¿París? Nunca había estado allí, pero ahora era el único de los dos que conocía ese dato. Ella lo miraba fijamente, entre sorprendida y entusiasmada. Él adivinaba en su interior un interés creciente por aquella serie de coincidencias que parecían unirlos a medida que se prolongaba la cena. No era para menos. Al llegar al restaurante sólo compartían el mismo trabajo y quizás unas líneas rojas en la agenda que marcaban la cita; en media hora se habían convertido en dos Piscis colaboradores de la misma ONG, modestos aficionados a la ópera italiana y que, encima, acababan de descubrir su mutua adoración por la ciudad del Sena. De forma estúpida, ahora se preguntaba qué otras ciudades bañaría el Sena de forma anónima… un pensamiento propio de él cuando estaba entre la espada y la pared.
Agarró el vaso y dio un trago, buscando tiempo. Ni eso consiguió. En menos de cinco segundos miraba el vaso vacío, no sabiendo si agradecer o maldecir el hecho de que hubiera estado lleno de agua y no de vino. Curiosamente, ella no parecía haber notado nada raro en él. Bueno, a lo mejor que parecía sediento. Le miraba a través de esa sonrisa suya (¿de quién si no?) que empezaba a conocer, una sonrisa algo ingenua; seguramente esperaba algún comentario de él respecto a esta nueva y -¿asombrosa?- coincidencia. Lo mejor sería pensar algo y rápido.
Había visto muchas fotos de los lugares turísticos, como todo el mundo; conocía tres o cuatro frases en francés –aunque sólo una que pudiera pronunciar sin sonrojarse- y sabía que la Torre Eiffel medía 324 metros, antena incluida, dato cortesía de Trivial Pursuit ©. Bueno, también había leído algún libro ambientado allí, pero sospechaba que Athos, Porthos y Aramis bien poco le ayudarían ahora. Más le hubiera valido leerse una buena guía de viajes.
De acuerdo, la conclusión evidente era: "conocía algo" de París, pero de ninguna manera podía decir que había estado allí, como mínimo en ésta vida. ¿Por qué entonces no había callado cuando ella se lo preguntó?
Lo pensó mejor. para no faltar a la verdad, ni siquiera había habido una pregunta. Él, siempre él, lo había afirmado por su cuenta y riesgo, después que ella se lo hubiera puesto en bandeja de plata con un comentario sobre la bullabesa que aún humeaba en el plato. Una incontinencia verbal propia de un géminis como él. El oh! que siguió a su comentario, esa nueva y última coincidencia, le desarmó: no estaba dentro de sus planes y sospechaba que la improvisación no le llevaría a nada bueno.
El sudor y los temblores no aparecían todavía. Miró de reojo a su acompañante mientras buscaba al camarero con algún pretexto que apenas acertó a murmurar. No era especialmente bonita -los ojos demasiado juntos, la nariz un pelín grande- así que, ¿por qué habría querido impresionarla? Sí, cierto, hoy estaba radiante con ese vestido chino que le sentaba fenomenal, pero no era para tanto. Su mente no descansaba: por un instante se sintió aliviado al pensar que hablar de París sería menos traumático que describir la marea humana que invadía cada mañana las calles de Pekín.

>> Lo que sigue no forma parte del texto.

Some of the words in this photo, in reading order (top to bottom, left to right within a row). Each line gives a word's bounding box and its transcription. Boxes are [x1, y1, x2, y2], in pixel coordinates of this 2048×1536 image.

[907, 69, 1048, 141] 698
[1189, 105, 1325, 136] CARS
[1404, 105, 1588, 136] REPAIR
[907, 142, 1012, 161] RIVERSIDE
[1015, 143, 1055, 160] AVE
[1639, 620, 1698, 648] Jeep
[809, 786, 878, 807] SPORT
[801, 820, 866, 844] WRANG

Ella, ignorando su continuado silencio, le hablaba ya de una azafata amiga suya, que en cada viaje a París le descubría nuevos barrios, nuevos secretos de una ciudad que sólo un nativo podía conocer, el París "auténtico"... Pero él ya no podía prestarle atención.

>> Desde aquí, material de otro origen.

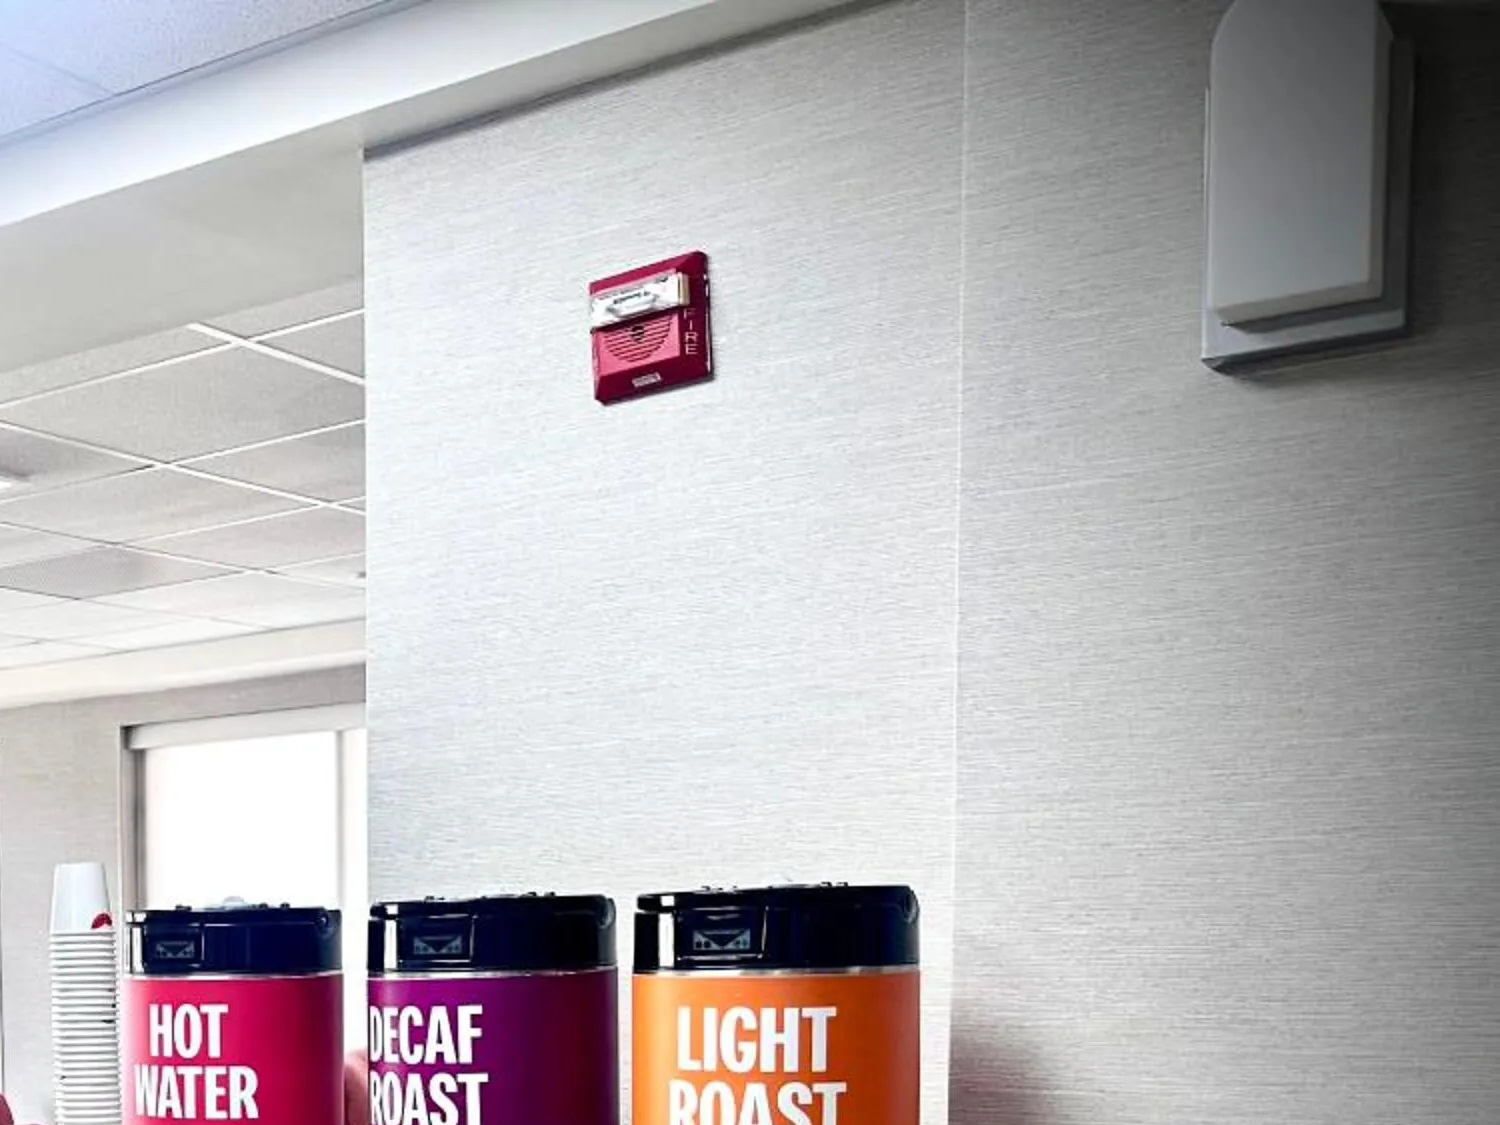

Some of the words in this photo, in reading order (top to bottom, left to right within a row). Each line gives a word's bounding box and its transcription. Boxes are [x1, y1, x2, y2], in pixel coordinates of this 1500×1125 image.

[683, 307, 699, 355] FIRE
[149, 1003, 229, 1059] HOT
[369, 1004, 483, 1065] DECAF
[677, 1006, 837, 1073] LIGHT
[133, 1063, 260, 1120] WATER

Los nervios no le dejaban reaccionar; le pasaba a veces. Ahora sólo buscaba en su interior el por qué a mentiras como aquella; ya había actuado así antes, en multitud de situaciones diferentes, ante amigos, familiares o simples desconocidos. Sabía que existía un 75 por ciento de posibilidades de que su primera frase en una conversación fuera una mentira, total o parcial. ¿Era su manera de iniciar conversaciones que él suponía interesantes, de hacerse mejor a los ojos de la gente y a los suyos propios, de reinventarse cada día como persona o simplemente de reirse de los demás para no llorar por sí mismo?. O a lo mejor era que mentir siempre era más fácil al principio de todo. La verdad es que no tenía ni idea. Pero sabía que había momentos en los que se sentía así, miserable y sobre todo, muy solo. La sensación no duraba mucho. Le pasaba a veces.
Ella lanzaba un discurso sobre las maravillas de Montmartre. Él le parecía emocionado, ausente, seguramente recreando París a través sus palabras. Su sentido femenino intuyó una lágrima, una sensación de profunda melancolía. Definitivamente, era un encanto.